Ruang kelas tiba-tiba sunyi yang terdengar hanyalah suara buku yang terinjak. Jungkook menahan napas. Berusaha menahan luapan amarah melihat buku-bukunya diinjak oleh brengsek itu. Namun, tanpa disadarinya bulir air mata jatuh akibat kemarahan yang seakan berderak paksa. Kemarahan dan sakit menyaksikan Taehyung menginjak buku-buku yang dibelinya dengan susah payah. Dia bahkan harus menyisikan upah dari kerja paruh waktu yang jumlahnya tak seberapa banyak. Bahkan harus mereduksi waktu makannya selama 6 bulan dan sekarang pria brengsek berhati iblis itu dengan santainya merusak semuanya.
"Hentika—!"
Ucapan Jungkook terpotong saat Taehyung mengambil satu langkah panjang, mempersempit jarak diantara mereka, berhenti tepat di hadapan Jungkook kemudian menunduk, bebisik dingin penuh benci. "Aku memandangmu rendah," pria itu berdesis bagaikan ular dengan bisa mematikannya.

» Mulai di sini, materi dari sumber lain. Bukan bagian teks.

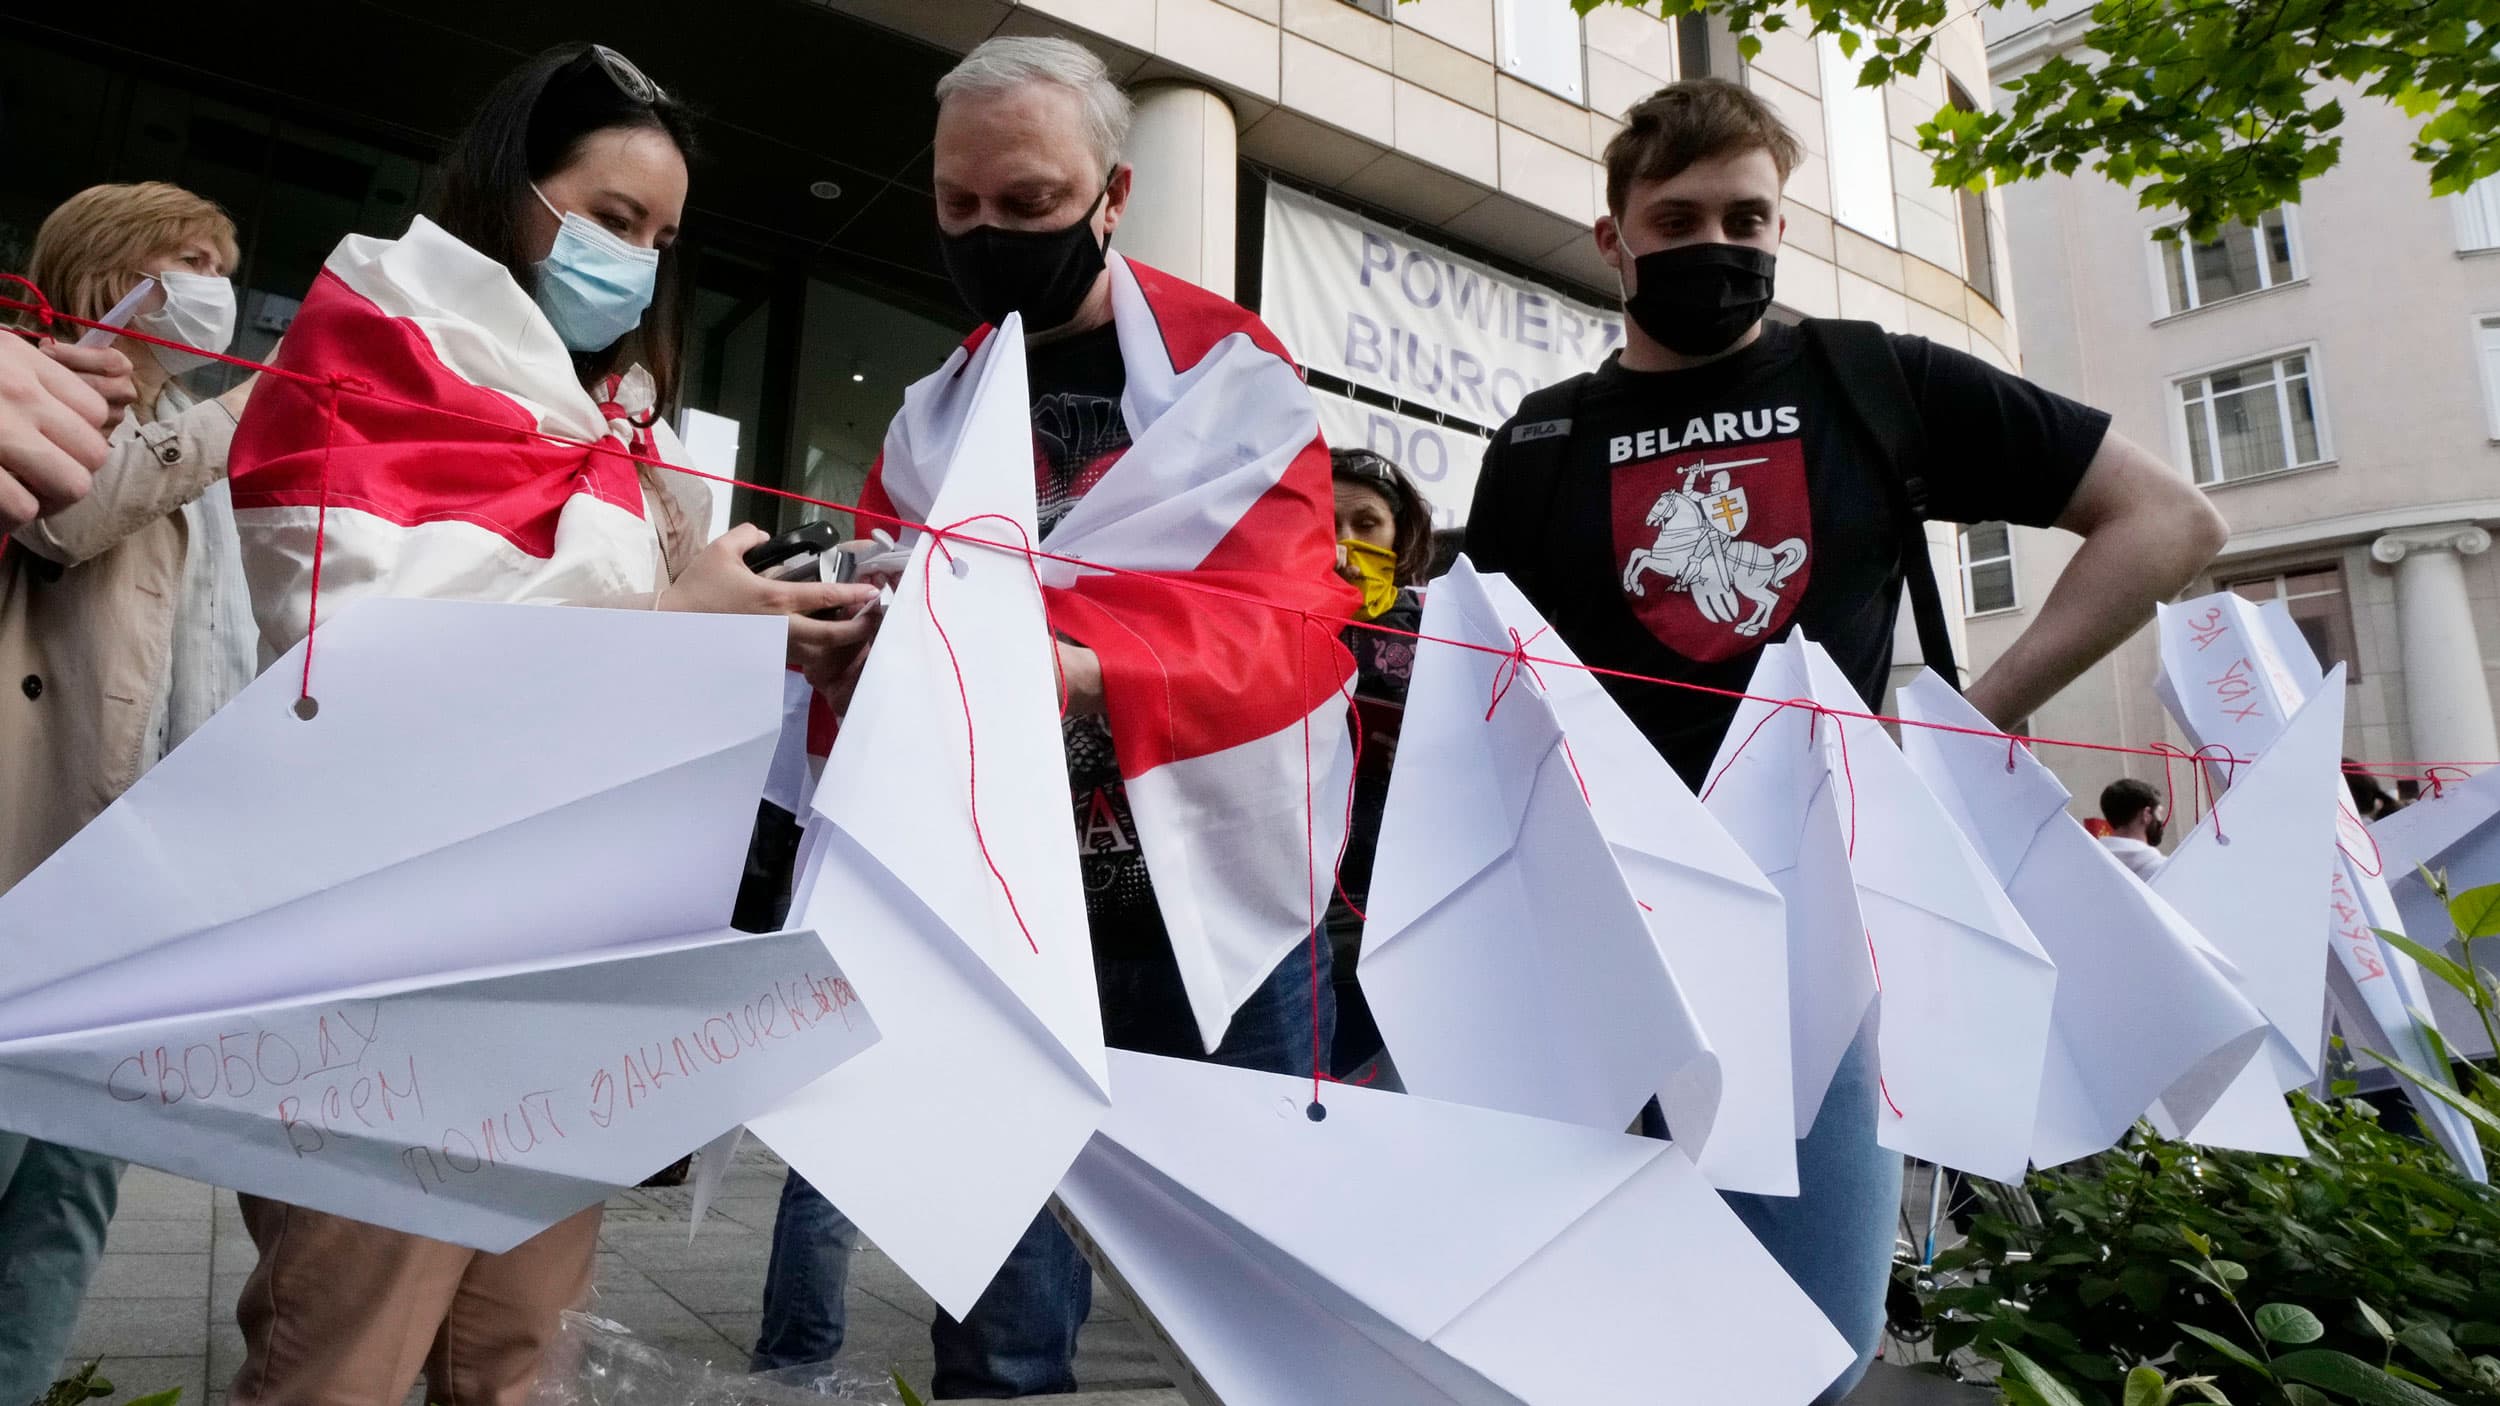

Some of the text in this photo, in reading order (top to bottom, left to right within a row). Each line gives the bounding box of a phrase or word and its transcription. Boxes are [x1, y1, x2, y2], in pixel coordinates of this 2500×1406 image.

[1345, 311, 1541, 421] BIURO
[1366, 412, 1449, 483] DO
[1522, 423, 1557, 440] FILA
[1609, 405, 1801, 464] BELARUS

Puluhan pasang mata yang menyaksikan pertengkaran sang cassanova dengan si pemuda rendahan sedari tadi menahan napas. Mereka memandang penuh waspada. Takut apabila dua orang yang dipenuhi buncahan amarah itu akan saling membunuh detik itu juga. Namun, tetap saja diantara mereka tak ada yang berani menegur atau bahkan sekedar menarik napas di sela-sela pertengkaran yang seakan tak berujung itu.
Jungkook menegang kaku merasakan napas pria itu yang begitu dekat dengan telinganya. Dia bahkan dapat merasakan panas hembusan napas itu yang seakan berusaha membakarnya. Hembusan napas yang penuh api kebencian. Pria itu kembali berbisik rendah tepat di telinga Jungkook. Sangat dekat dari yang seharusnya. "Kupastikan orang rendah sepertimu akan hancur di tanganku."
Taehyung kemudian menjauhkan tubuhnya dari Jungkook. Pria itu terdiam sejenak menatap Jungkook dengan pandangan dingin kemudian berlalu pergi meninggalkan ruang kelas.
"Kim Taehyung, hentikan langkahmu dan kembali ke tempat dudukmu sekarang." Tiba-tiba terdengar teguran yang berasal dari Mr. Hunt yang baru saja memasuki ruang kelas.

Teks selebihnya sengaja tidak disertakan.